West Africa Ebola crisis hits tourism

Washington – The Presidents of three Ebola-stricken West African nations made urgent pleas for money, doctors and hospital beds and representatives of nations gathered for financial meetings promised more help.
“Our people are dying,” said President Ernest Bai Koroma. He described devastating effects of “this evil virus” — children made orphans, doctors and nurses dying, an overwhelmed medical system that can’t keep up.
Koroma spoke by video from Sierra Leone to an Ebola summit at the annual meeting of the International Monetary Fund and World Bank in Washington.
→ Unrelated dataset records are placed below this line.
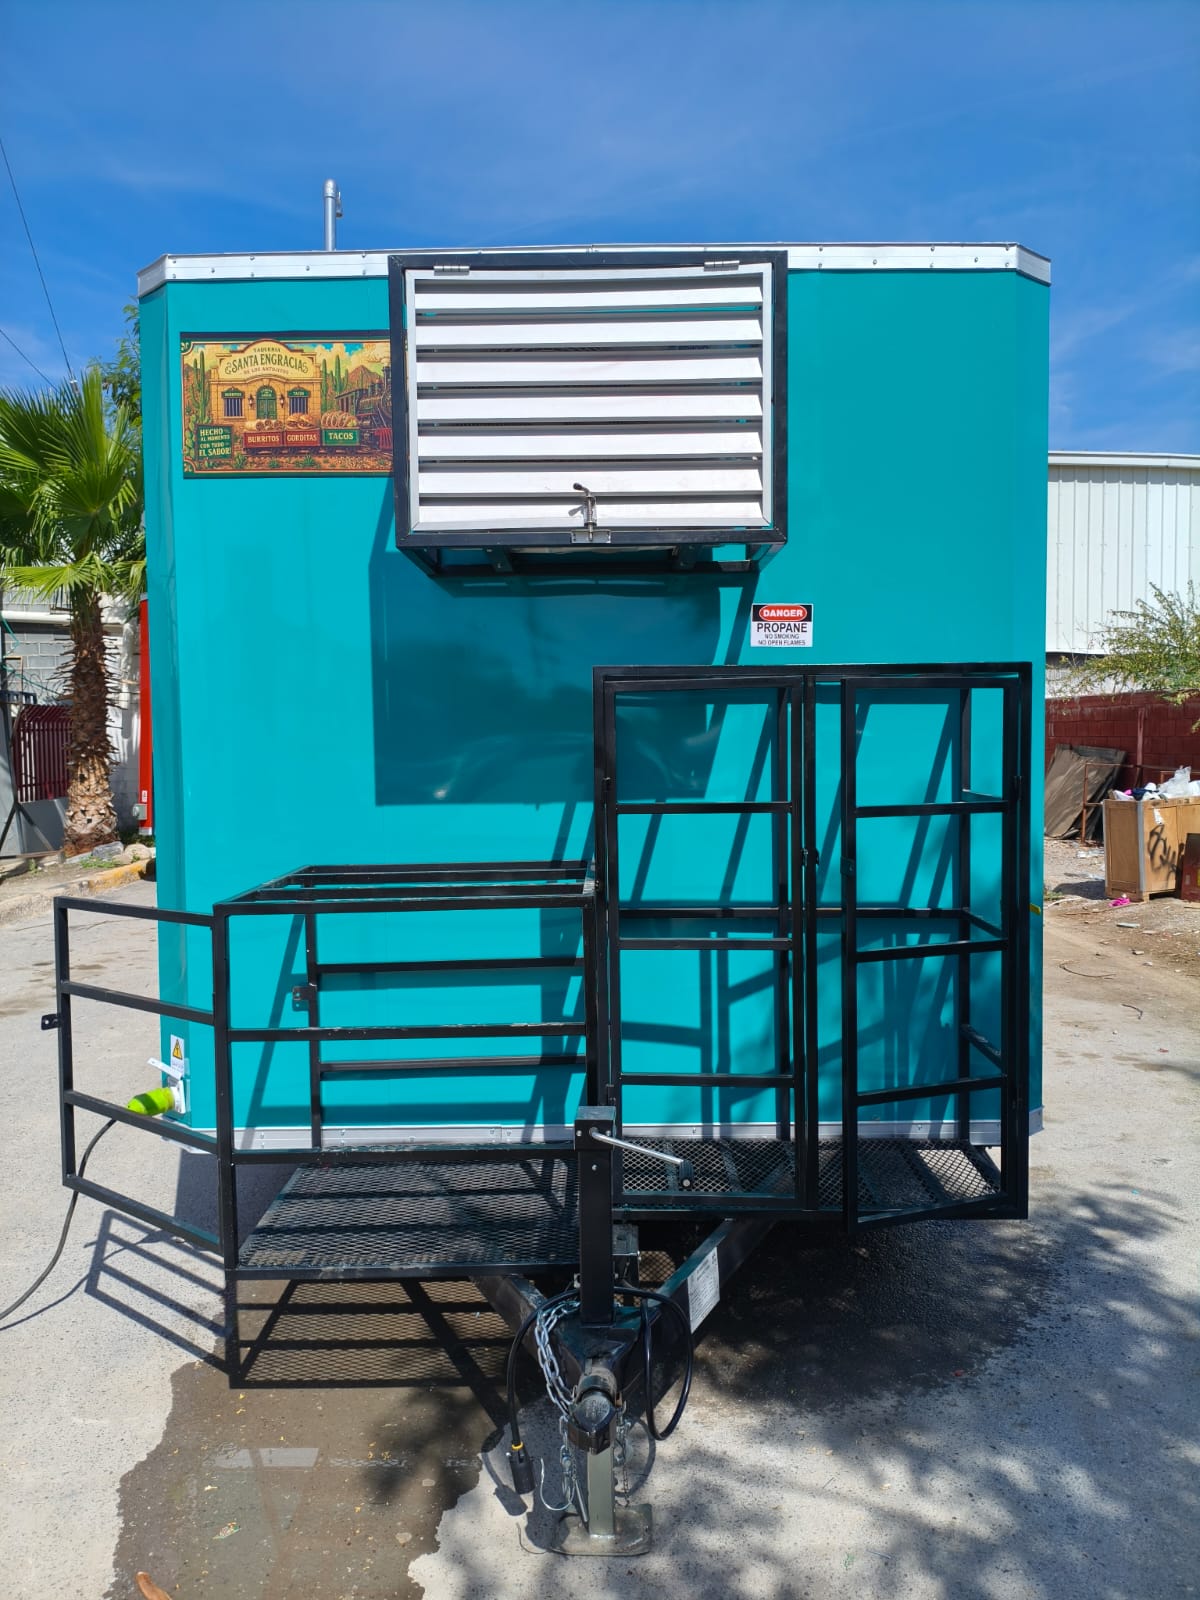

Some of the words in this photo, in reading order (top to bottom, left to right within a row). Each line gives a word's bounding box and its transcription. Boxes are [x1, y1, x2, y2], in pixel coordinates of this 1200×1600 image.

[231, 354, 259, 373] SANTA
[260, 353, 307, 373] ENGRACIA
[200, 428, 224, 437] HECHO
[328, 432, 354, 440] TACOS
[247, 435, 280, 443] BURRITOS
[286, 434, 318, 442] GORDITAS
[763, 609, 803, 617] DANGER
[756, 622, 808, 633] PROPANE
He said the world’s response hasn’t kept pace with the spread of Ebola, and “a tragedy unforeseen in modern times” is threatening everyone.
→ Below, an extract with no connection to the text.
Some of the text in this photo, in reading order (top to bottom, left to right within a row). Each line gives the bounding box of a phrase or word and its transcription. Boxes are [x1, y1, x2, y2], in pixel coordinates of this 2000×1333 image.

United Nations Secretary-General Ban Ki-moon called for a 20-fold surge in international aid to fight the outbreak.
At the meeting here, President Alpha Conde of Guinea asked for money, supplies, medicine, equipment and training of health care workers.
“Our countries are in a very fragile situation,” Conde said through a translator. President Ellen Johnson Sirleaf of Liberia also appeared by videoconference to seek a rapid increase in aid.
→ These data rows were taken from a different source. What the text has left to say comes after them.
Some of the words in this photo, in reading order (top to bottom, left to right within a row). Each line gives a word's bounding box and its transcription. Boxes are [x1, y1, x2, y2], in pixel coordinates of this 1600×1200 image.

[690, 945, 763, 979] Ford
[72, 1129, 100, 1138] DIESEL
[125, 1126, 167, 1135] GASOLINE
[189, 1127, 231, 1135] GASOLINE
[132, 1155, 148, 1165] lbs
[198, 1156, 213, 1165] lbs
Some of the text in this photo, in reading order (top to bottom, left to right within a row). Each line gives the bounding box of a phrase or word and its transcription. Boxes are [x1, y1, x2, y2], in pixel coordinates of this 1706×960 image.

World Bank President Jim Yong Kim praised pledges from the United States and the European Commission to evacuate health care workers who become infected while responding to the crisis in West Africa, to encourage doctors and nurses to risk their lives to help.
Doctors, nurses and hospital staff are especially at risk because Ebola is spread through bodily fluids such as blood and vomit. More than 370 health care workers have been sickened or killed by the virus in Liberia, Guinea and Sierra Leone.
A World Bank report this week estimated that the economic toll of the largest Ebola outbreak in history could reach $32.6 billion if the disease continues to spread in West Africa through next year. More than 3,800 people have died.
The United Nations has estimated it will cost nearly $1 billion to stop the Ebola outbreak according to AP .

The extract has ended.